Ricardo Capelli, presidente da Agência Brasileira de Desenvolvimento Industrial, defendeu a necessidade de uma política industrial sólida e permanente no Brasil. “A política industrial no Brasil tem que deixar de ser apenas de governo e passar a ser uma política de Estado, independente do governo de plantão. Não há referência no mundo de país desenvolvido, forte, livre e soberano sem uma indústria forte”, defendeu Capelli. Ele se referiu à política monetária praticada no Brasil como “uma âncora absurda”. “A indústria é intensiva em capital. Como fazer indústria quando a taxa de retorno da especulação rentista é muito superior ao retorno do investimento do capital produtivo?”. 

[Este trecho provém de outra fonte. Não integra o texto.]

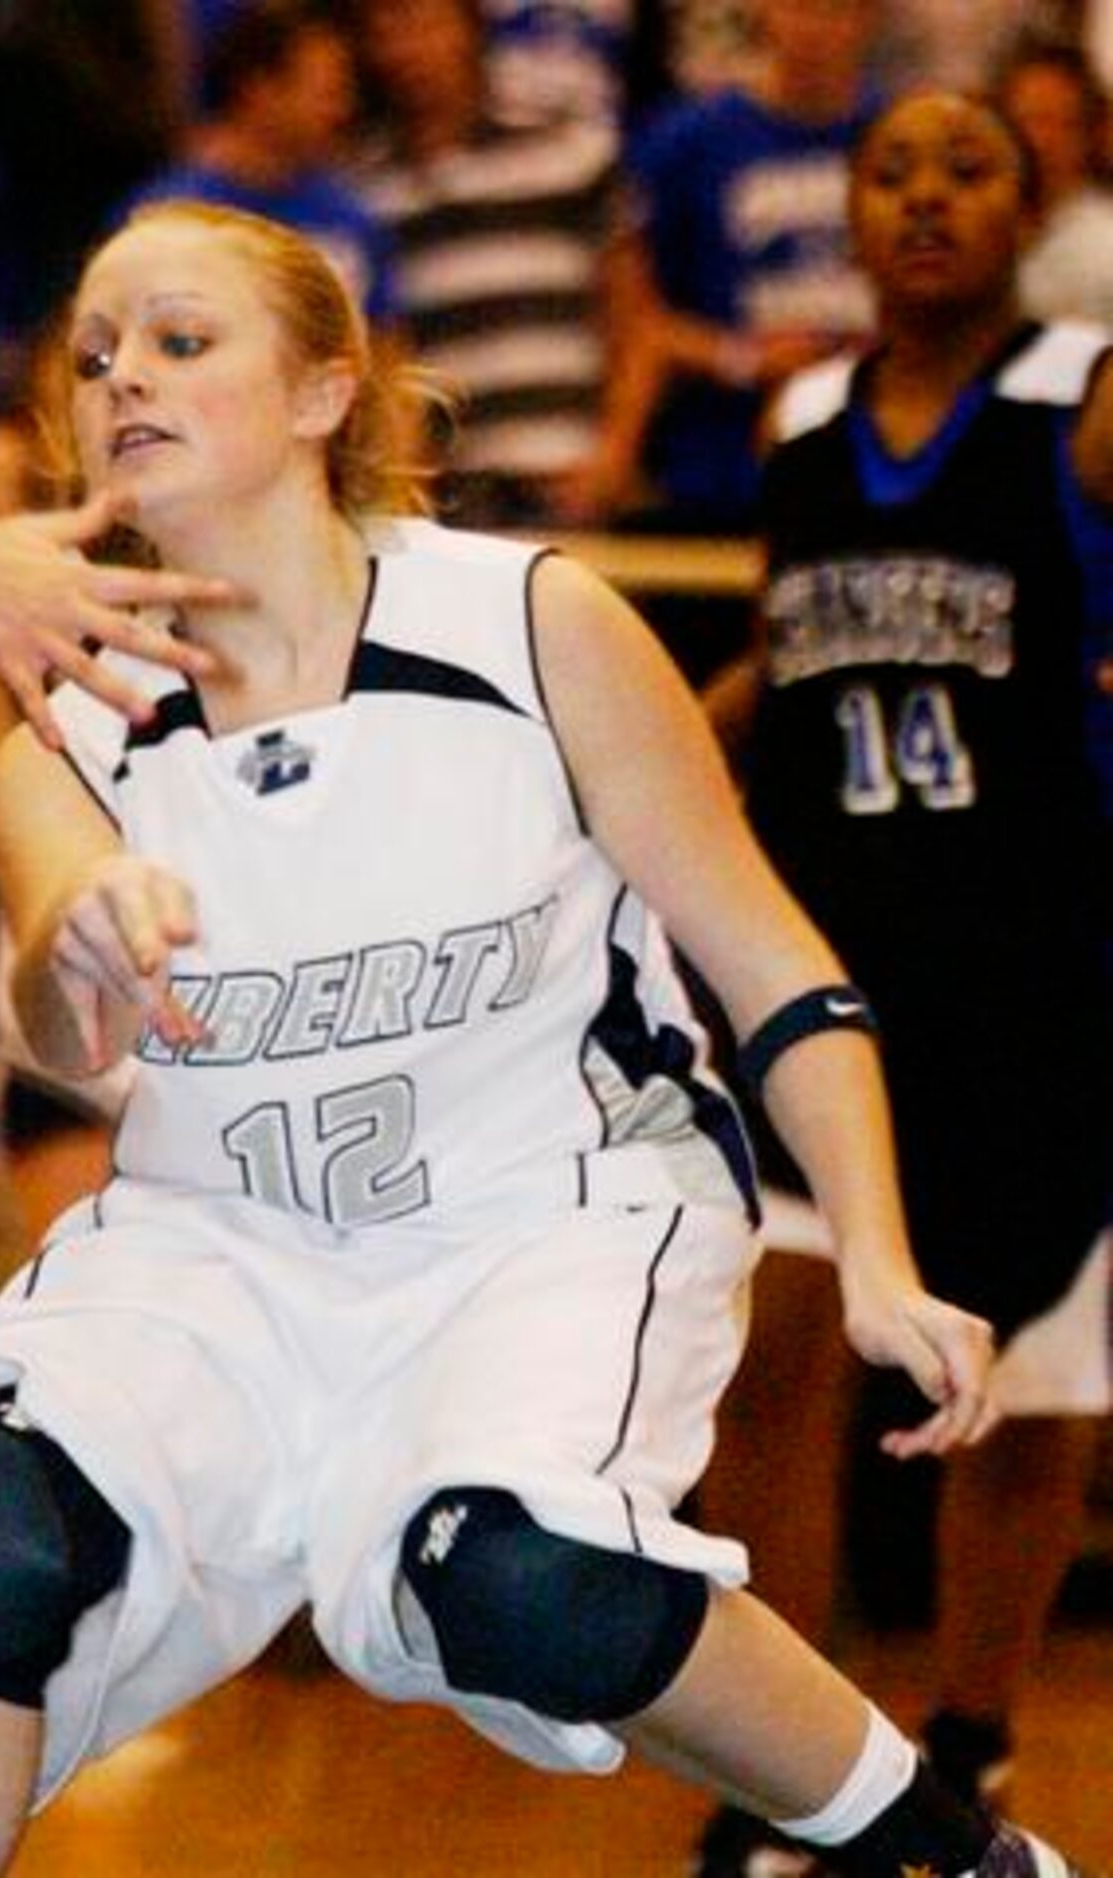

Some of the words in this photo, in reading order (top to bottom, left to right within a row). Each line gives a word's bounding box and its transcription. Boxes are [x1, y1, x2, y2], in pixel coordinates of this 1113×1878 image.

Fábio Bandeira Guerra, gerente de Política Econômica da Confederação Nacional da Indústria, mencionou o spread bancário praticado no Brasil, atrás apenas de Zimbábue e Madagascar. “A taxa de juros que as enfrentam no dia a dia tem subido muito, ido para patamares bastante significativos”, explicou. Bandeira também apontou para o fato de o Brasil ter uma relação Crédito/PIB de 70% – contra cerca de 200% em vários países desenvolvidos. Trouxe também a informação de que, nos Estados Unidos, há uma linha de 400 bilhões de dólares para financiar apenas a energia limpa, e 700 bilhões na União Europeia para financiar a descarbonização e a transformação digital. Também trouxe uma estimativa de que a Selic deveria estar num patamar de 10,57%. “Se fosse aplicado durante três anos, o investimento na indústria teria sido superior a R$ 200 bilhões, com quase R$ 700 bilhões na economia como um todo”. 

Daniel Negreiros Conceição, professor do Instituto de Pesquisa e Planejamento Urbano e Regional da Universidade Federal do Rio de Janeiro, apontou que a política de juros altos serve somente ao rentismo. “Durante a pandemia caiu a máscara dos terroristas fiscais, com o discurso de que o estado vai quebrar. O governo fez o maior déficit primário da história, com mais de R$ 700 bilhões, criou dinheiro para pagar auxílio, crédito, vacina, salário, vidas. E a inflação não explodiu”, comentou o professor. “A Selic caiu para 2% em termos reais e o mercado não colapsou. Governos centrais como o brasileiro sempre gastam e continuarão gastando através da criação de mais moeda. O governo federal não quebra”. 

Renato Conchon, coordenador do núcleo econômico da Confederação da Agricultura e Pecuária no Brasil, disse que trazia a visão da agropecuária como um todo, que se soma ao objetivo nacional de ampliar a reindustrialização brasileira. Ele alertou para os impactos negativos das altas taxas de juros para o crédito rural e comentou que apenas uma pequena parte dos recursos anunciados no Plano Agrícola e Pecuário é subsidiada. “A Letra de Crédito do Agronegócio é um mecanismo cada vez mais importante, mas temos que lembrar que ele é feito a taxas de mercado”, observou. “As taxas de juros elevadas aumentam o custo do crédito, dificultam o acesso ao financiamento de insumos, máquinas e investimento, o que pode levar à redução da produtividade no segundo momento”.